Vol. 14 No.12 (December 2004), pp.946-949

LEGALIZING GAY MARRIAGE, by Michael Mello.  Philadelphia:  Temple University Press, 2004.  352pp.  Cloth $68.50. ISBN: 1-59213-078-X.  Paper. $22.95.  ISBN: 1-59213-079-8.

Reviewed by Susan Burgess, Department of Political Science, Ohio University.  Email: burgess@ohio.edu .

In LEGALIZING GAY MARRIAGE, Professor Michael Mello of Vermont Law School provides a timely, accessible, and even moving account of how Vermont became the first state to institute gay civil unions.   As Mello points out, this is no small task:  “Anyone with a law degree can make the law mysterious, inaccessible, and incomprehensible.  It is much harder to translate complicated and subtle legal concepts into a presentation accessible to non-scholars, without oversimplifying to a point that scholars will question the intellectual rigor of the project” (p.25).   Mello meets this challenge, offering a compelling story and a sophisticated analysis of legal and political change.  
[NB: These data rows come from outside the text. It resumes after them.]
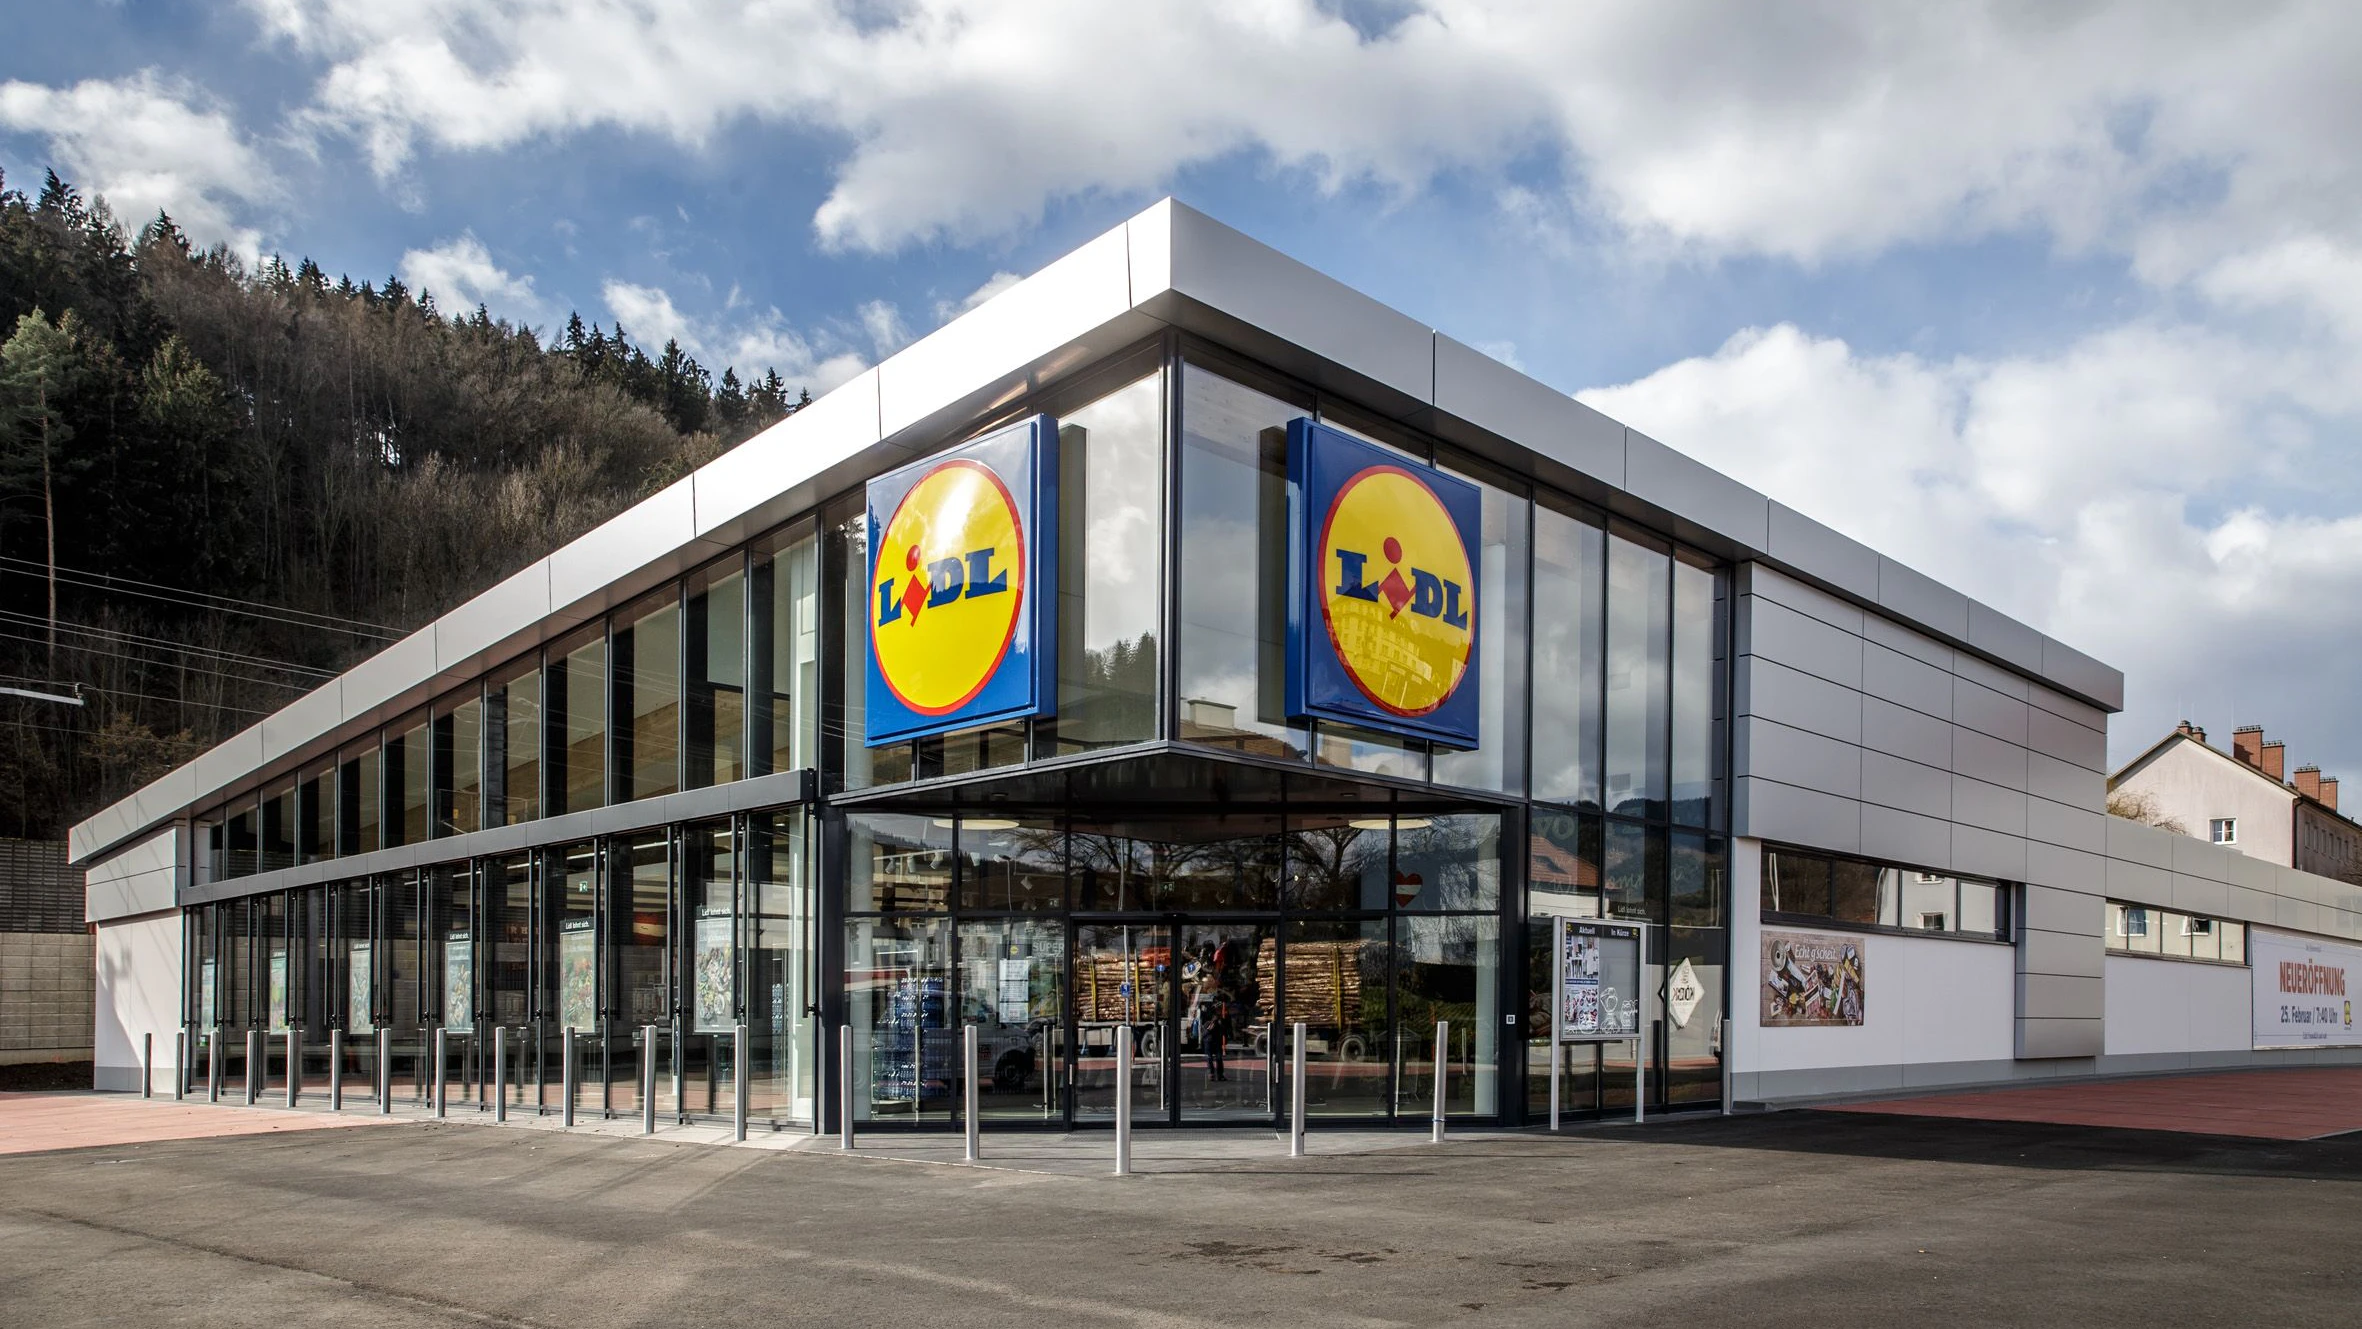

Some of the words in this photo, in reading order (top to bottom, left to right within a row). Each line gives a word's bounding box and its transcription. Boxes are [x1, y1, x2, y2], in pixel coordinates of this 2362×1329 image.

[1579, 926, 1596, 935] Aktuell
[1611, 928, 1616, 936] In
[1616, 928, 1630, 937] Kürze
[1794, 944, 1810, 958] Echt
[2279, 958, 2346, 997] NEUERÖFFNUNG
[2280, 1005, 2290, 1024] 25.
[2291, 1005, 2312, 1024] Februar
[2328, 1007, 2338, 1024] Uhr
The book begins with Mello recounting a threatening incident that occurred late one night as he was driving home on an isolated rural road, and ends with his observation that everyday life did not change radically in the wake of Vermont’s adoption of civil unions, except for the fact that he and many others had become painfully aware of the level of homophobia in seemingly bucolic Vermont.  In between these observations, Mello provides a detailed discussion of the Vermont Supreme Court’s decision in BAKER v. STATE, the backlash against gays that ensued in the wake of the decision, the legislative debate that resulted in civil unions as an alternative to gay marriage, and the import of the Vermont decision for the continuing debate about same-sex marriage.  Mello also provides an interesting analysis of civil unions as an alternative to marriage, finding the former entirely insufficient.   
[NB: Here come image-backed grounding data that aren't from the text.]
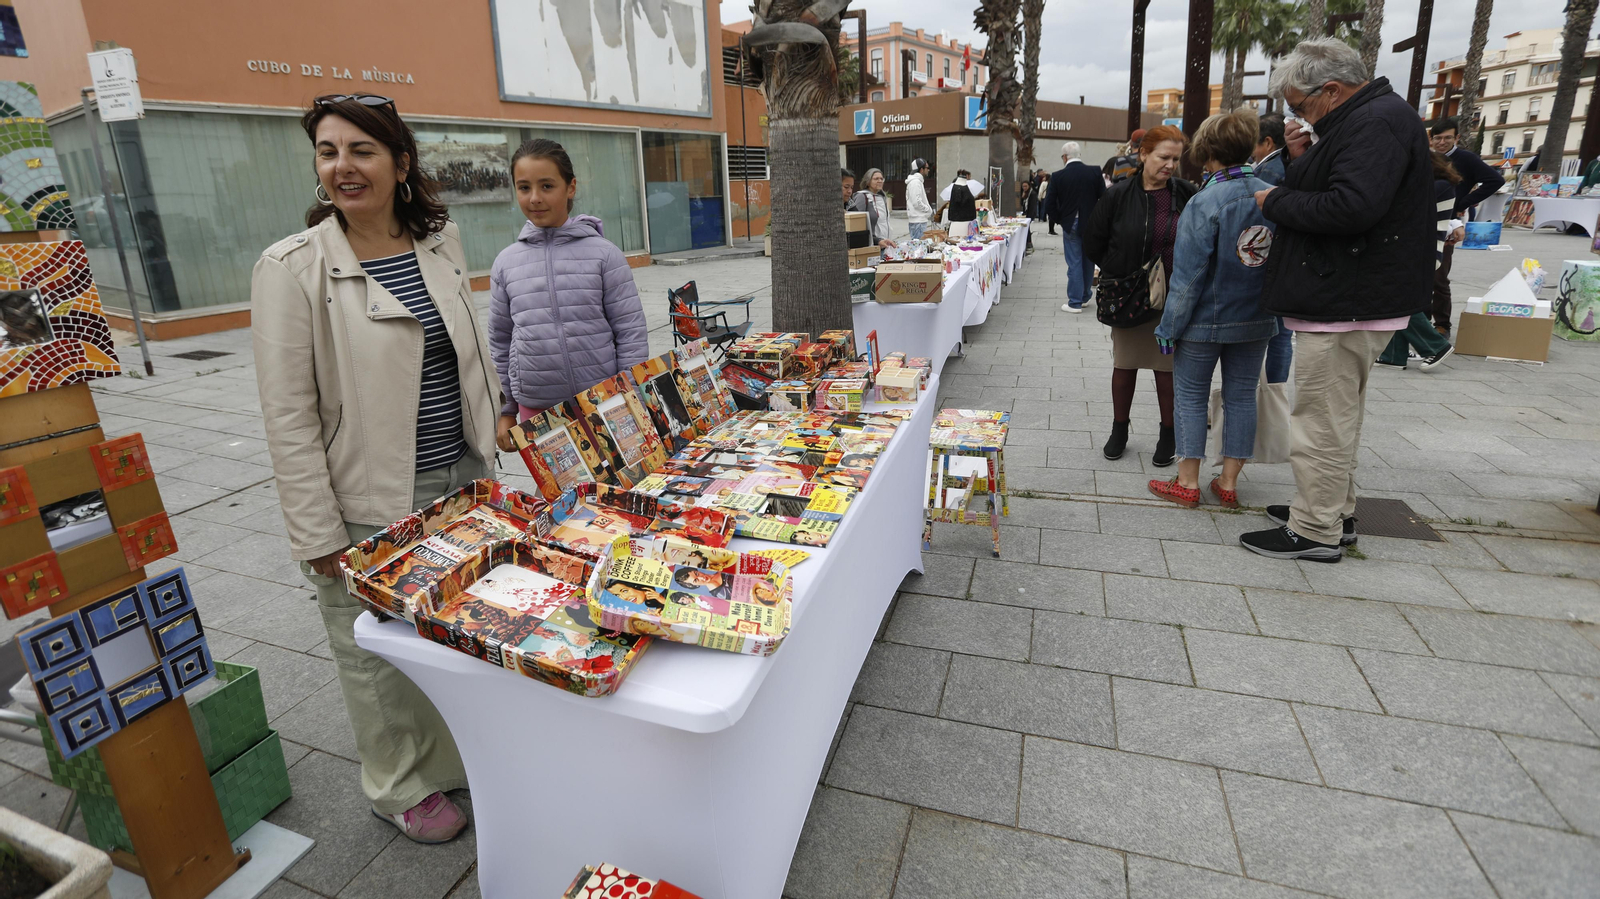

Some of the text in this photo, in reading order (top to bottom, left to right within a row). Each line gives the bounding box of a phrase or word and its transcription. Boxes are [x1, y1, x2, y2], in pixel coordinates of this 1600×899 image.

[247, 60, 291, 74] CUBO
[300, 64, 323, 77] DE
[332, 67, 352, 80] LA
[882, 114, 910, 124] Oficina
[1036, 118, 1071, 130] Turismo
[890, 123, 922, 132] Turismo
[610, 558, 624, 578] DRINK
[621, 556, 636, 579] COFFEE
[732, 603, 741, 615] Make
[742, 604, 752, 621] ourself
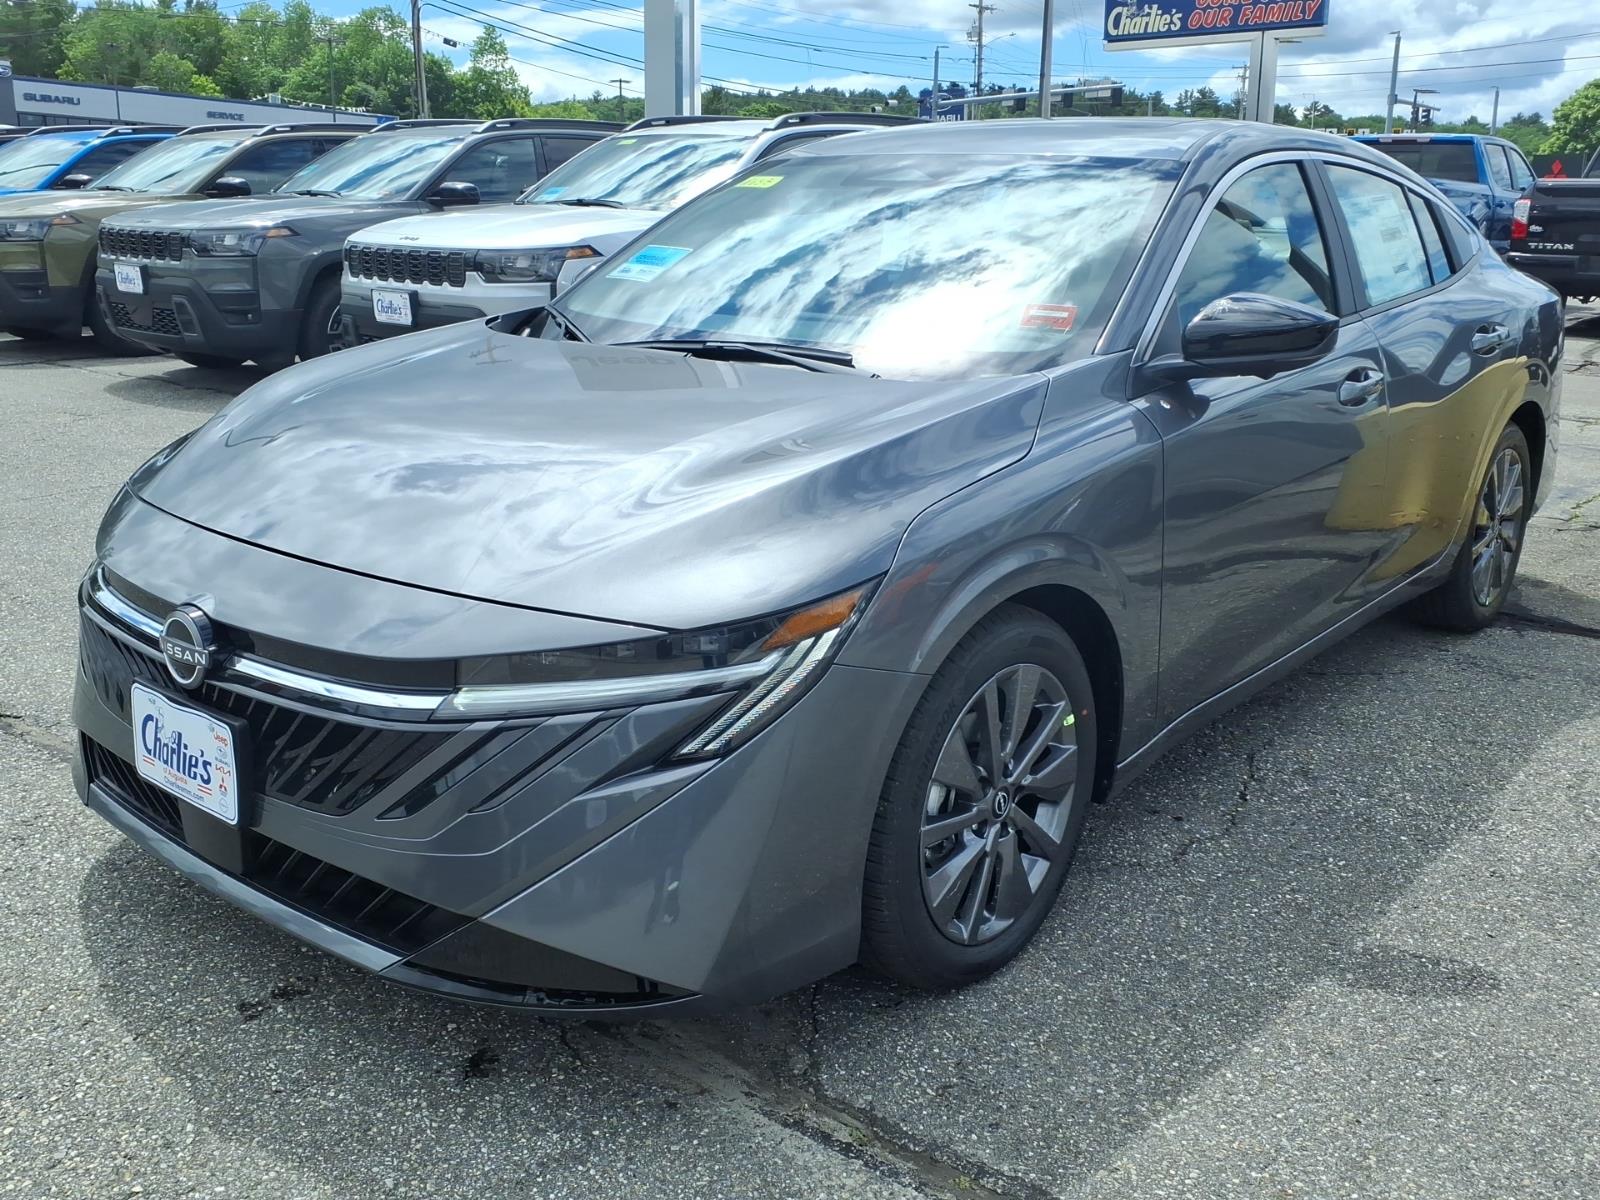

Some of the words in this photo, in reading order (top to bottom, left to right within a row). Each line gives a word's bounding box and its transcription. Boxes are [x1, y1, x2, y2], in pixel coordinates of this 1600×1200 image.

Following the core principles that inform the Vermont Constitution’s Common Benefits Clause, such as inclusion and recognition of common humanity, BAKER held that same-sex couples were entitled to the same benefits as married heterosexual couples. Thus, the Vermont Supreme Court sent the issue back to Legislature to resolve in accordance with this clause.  Claiming that the decision was “a straightforward application of the plain language of the  Common Benefits Clause,” Mello argues that BAKER is an “utterly legitimate and appropriate instance of constitutional decision making,” because “protecting the civil rights of despised minorities is a central function of the judiciary” (pp.40, 23).  The entire text of the lengthy decision is included in an Appendix, making the book excellent for classroom use.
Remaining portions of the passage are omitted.